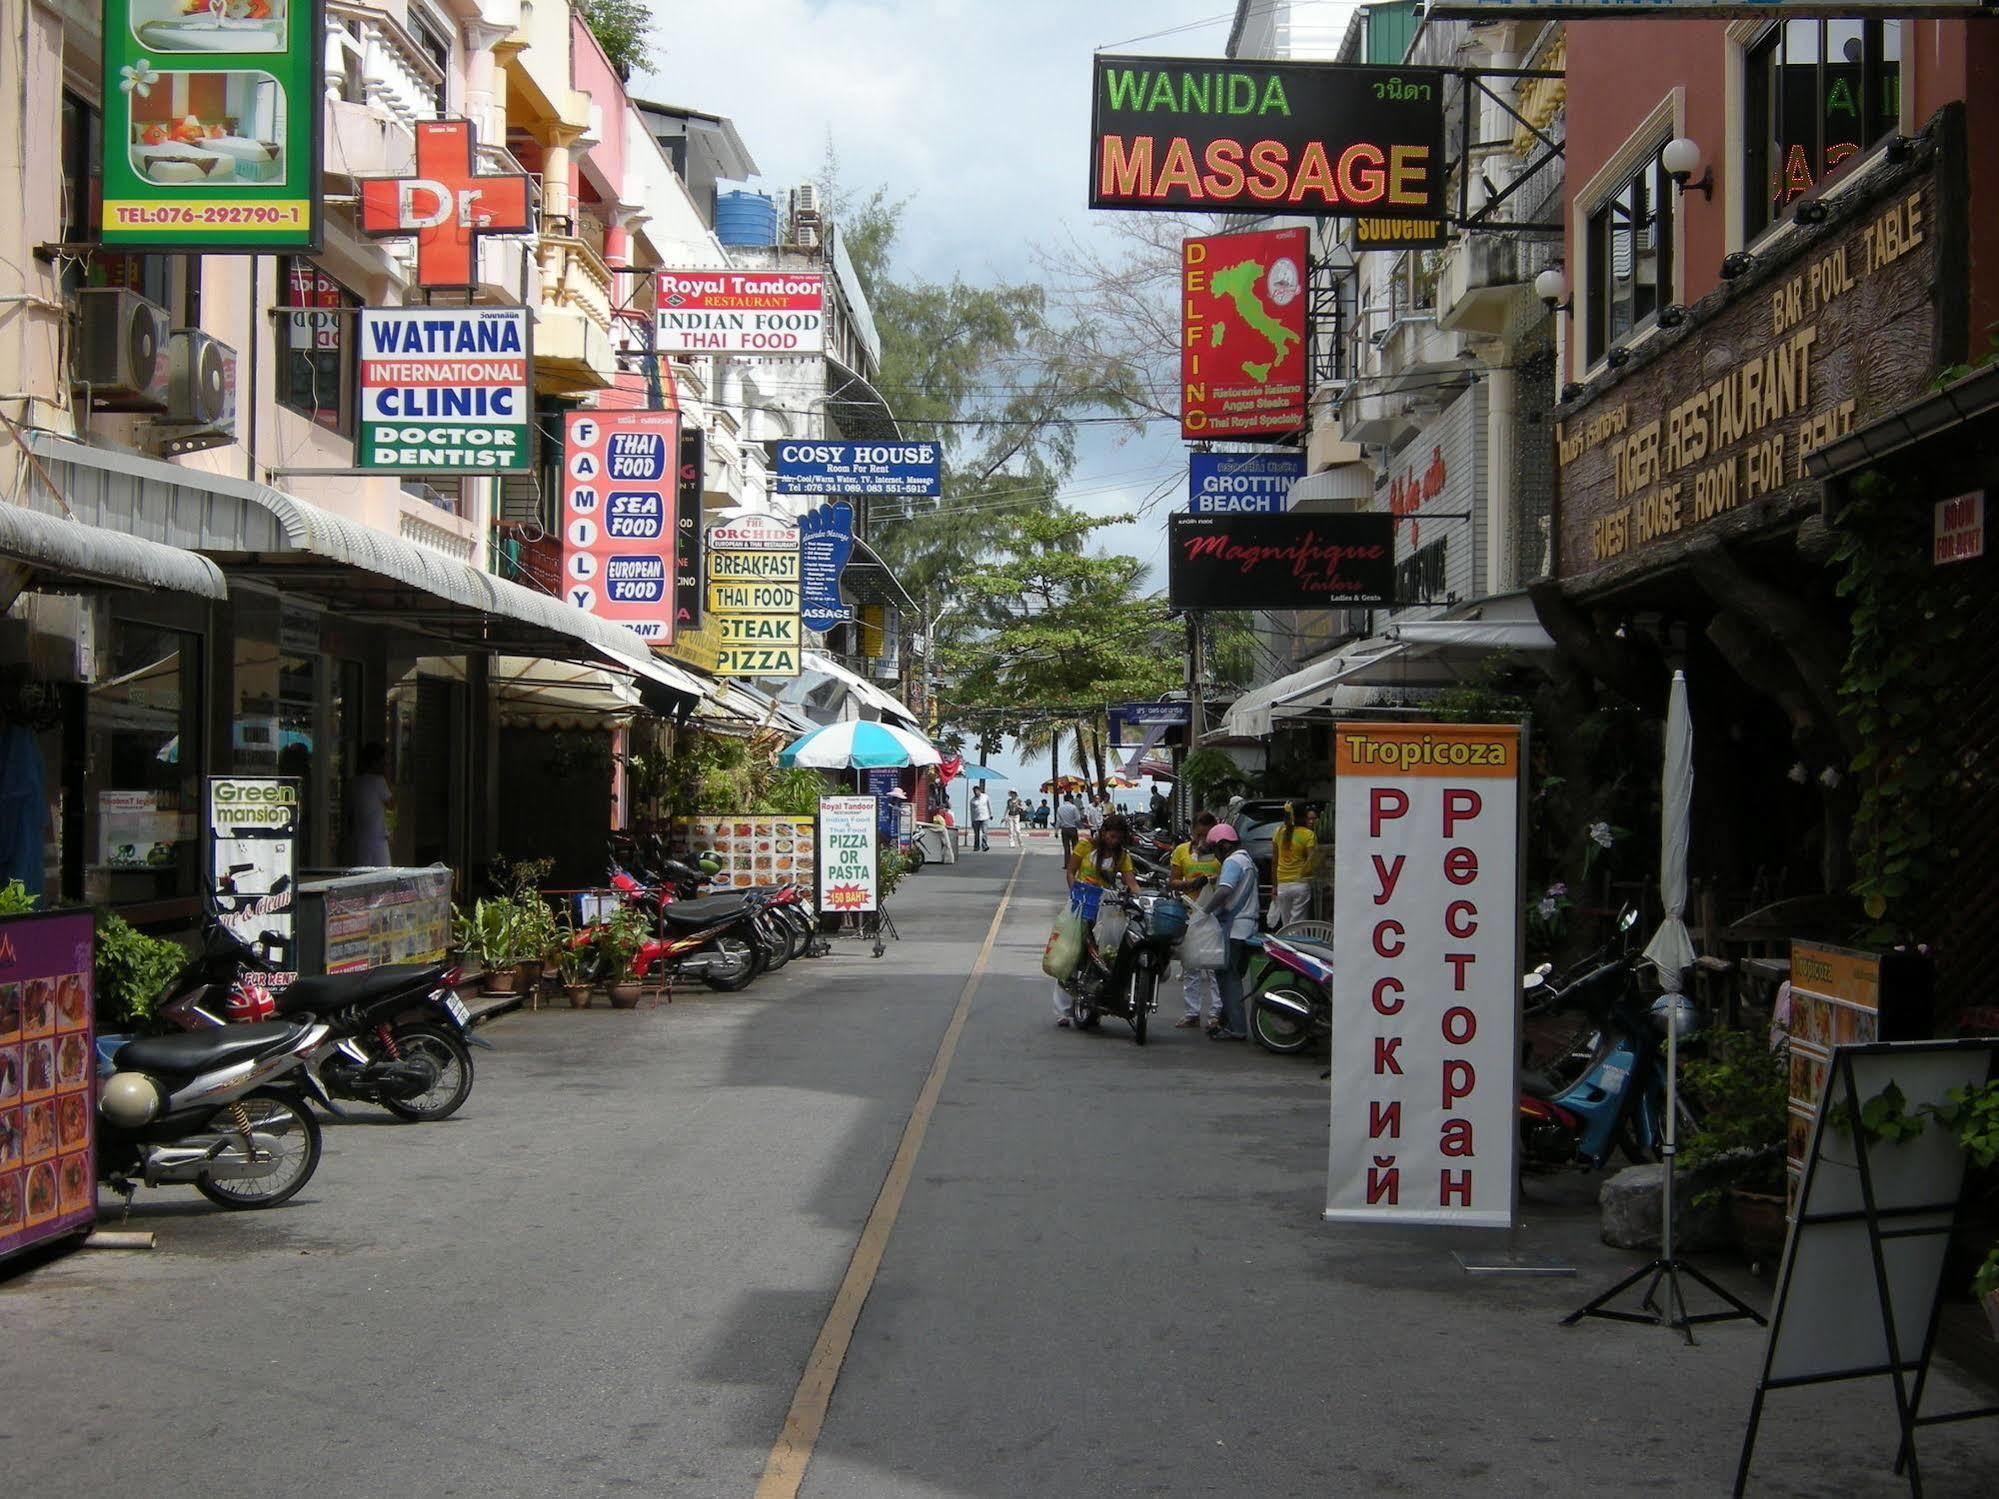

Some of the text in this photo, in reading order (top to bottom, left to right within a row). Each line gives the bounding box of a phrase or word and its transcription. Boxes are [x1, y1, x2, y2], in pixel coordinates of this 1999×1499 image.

[1106, 69, 1291, 117] WANIDA
[1373, 79, 1431, 102] วนิดา
[1102, 135, 1429, 205] MASSAGE
[399, 179, 491, 230] Dr.
[116, 207, 299, 224] TEL:076-292790-1
[1773, 191, 1925, 336] BAR POOL TABLE
[661, 276, 823, 298] Royal Tandoor
[704, 296, 790, 308] RESTAURANT
[660, 313, 820, 331] INDIAN FOOD
[371, 321, 521, 353] WATTANA
[681, 332, 798, 349] THAI FOOD
[1185, 244, 1208, 431] DELFINO
[369, 363, 522, 383] INTERNATIONAL
[376, 388, 513, 417] CLINIC
[1208, 417, 1230, 429] Thai
[1231, 416, 1258, 428] Royal
[1607, 418, 1661, 500] TIGER
[1666, 326, 1818, 473] RESTAURANT
[375, 428, 517, 446] DOCTOR
[614, 435, 658, 455] THAI
[375, 448, 517, 467] DENTIST
[782, 446, 935, 464] COSY HOUSE
[614, 459, 656, 479] FOOD
[827, 465, 889, 474] Room For Rent
[612, 497, 658, 514] SEA
[1199, 496, 1271, 512] BEACH
[1593, 506, 1632, 560] GUEST
[1637, 482, 1682, 544] HOUSE
[1695, 456, 1738, 522] ROOM
[1748, 437, 1785, 500] FOR
[573, 424, 594, 608] FAMILY
[612, 518, 657, 536] FOOD
[715, 530, 796, 540] ORCHIDS
[1184, 531, 1385, 577] Magnifique
[609, 561, 661, 579] EUROPEAN
[715, 556, 796, 575] BREAKFAST
[615, 582, 658, 599] FOOD
[717, 588, 793, 607] THAI FOOD
[802, 608, 850, 619] ASSAGE
[721, 619, 792, 638] STEAK
[717, 651, 794, 670] PIZZA
[1345, 735, 1507, 771] Tropicoza
[215, 782, 296, 802] Green
[217, 805, 291, 823] mansion
[821, 802, 874, 812] Royal Tandoor
[829, 834, 868, 849] PIZZA
[840, 850, 858, 864] OR
[828, 866, 870, 879] PASTA
[846, 892, 866, 903] BAHT
[269, 972, 298, 986] RENT
[1366, 787, 1410, 1206] Русский
[1438, 787, 1483, 1207] Ресторан

■ **Exercise**:
Pictures aside, print every line of the material exactly.

■ **Task solution**:
Some of the text in this photo, in reading order (top to bottom, left to right within a row). Each line gives the bounding box of a phrase or word and its transcription. Boxes are [x1, y1, x2, y2], in pixel coordinates of this 1999×1499 image.

[1106, 69, 1291, 117] WANIDA
[1373, 79, 1431, 102] วนิดา
[1102, 135, 1429, 205] MASSAGE
[399, 179, 491, 230] Dr.
[116, 207, 299, 224] TEL:076-292790-1
[1773, 191, 1925, 336] BAR POOL TABLE
[661, 276, 823, 298] Royal Tandoor
[704, 296, 790, 308] RESTAURANT
[660, 313, 820, 331] INDIAN FOOD
[371, 321, 521, 353] WATTANA
[681, 332, 798, 349] THAI FOOD
[1185, 244, 1208, 431] DELFINO
[369, 363, 522, 383] INTERNATIONAL
[376, 388, 513, 417] CLINIC
[1208, 417, 1230, 429] Thai
[1231, 416, 1258, 428] Royal
[1607, 418, 1661, 500] TIGER
[1666, 326, 1818, 473] RESTAURANT
[375, 428, 517, 446] DOCTOR
[614, 435, 658, 455] THAI
[375, 448, 517, 467] DENTIST
[782, 446, 935, 464] COSY HOUSE
[614, 459, 656, 479] FOOD
[827, 465, 889, 474] Room For Rent
[612, 497, 658, 514] SEA
[1199, 496, 1271, 512] BEACH
[1593, 506, 1632, 560] GUEST
[1637, 482, 1682, 544] HOUSE
[1695, 456, 1738, 522] ROOM
[1748, 437, 1785, 500] FOR
[573, 424, 594, 608] FAMILY
[612, 518, 657, 536] FOOD
[715, 530, 796, 540] ORCHIDS
[1184, 531, 1385, 577] Magnifique
[609, 561, 661, 579] EUROPEAN
[715, 556, 796, 575] BREAKFAST
[615, 582, 658, 599] FOOD
[717, 588, 793, 607] THAI FOOD
[802, 608, 850, 619] ASSAGE
[721, 619, 792, 638] STEAK
[717, 651, 794, 670] PIZZA
[1345, 735, 1507, 771] Tropicoza
[215, 782, 296, 802] Green
[217, 805, 291, 823] mansion
[821, 802, 874, 812] Royal Tandoor
[829, 834, 868, 849] PIZZA
[840, 850, 858, 864] OR
[828, 866, 870, 879] PASTA
[846, 892, 866, 903] BAHT
[269, 972, 298, 986] RENT
[1366, 787, 1410, 1206] Русский
[1438, 787, 1483, 1207] Ресторан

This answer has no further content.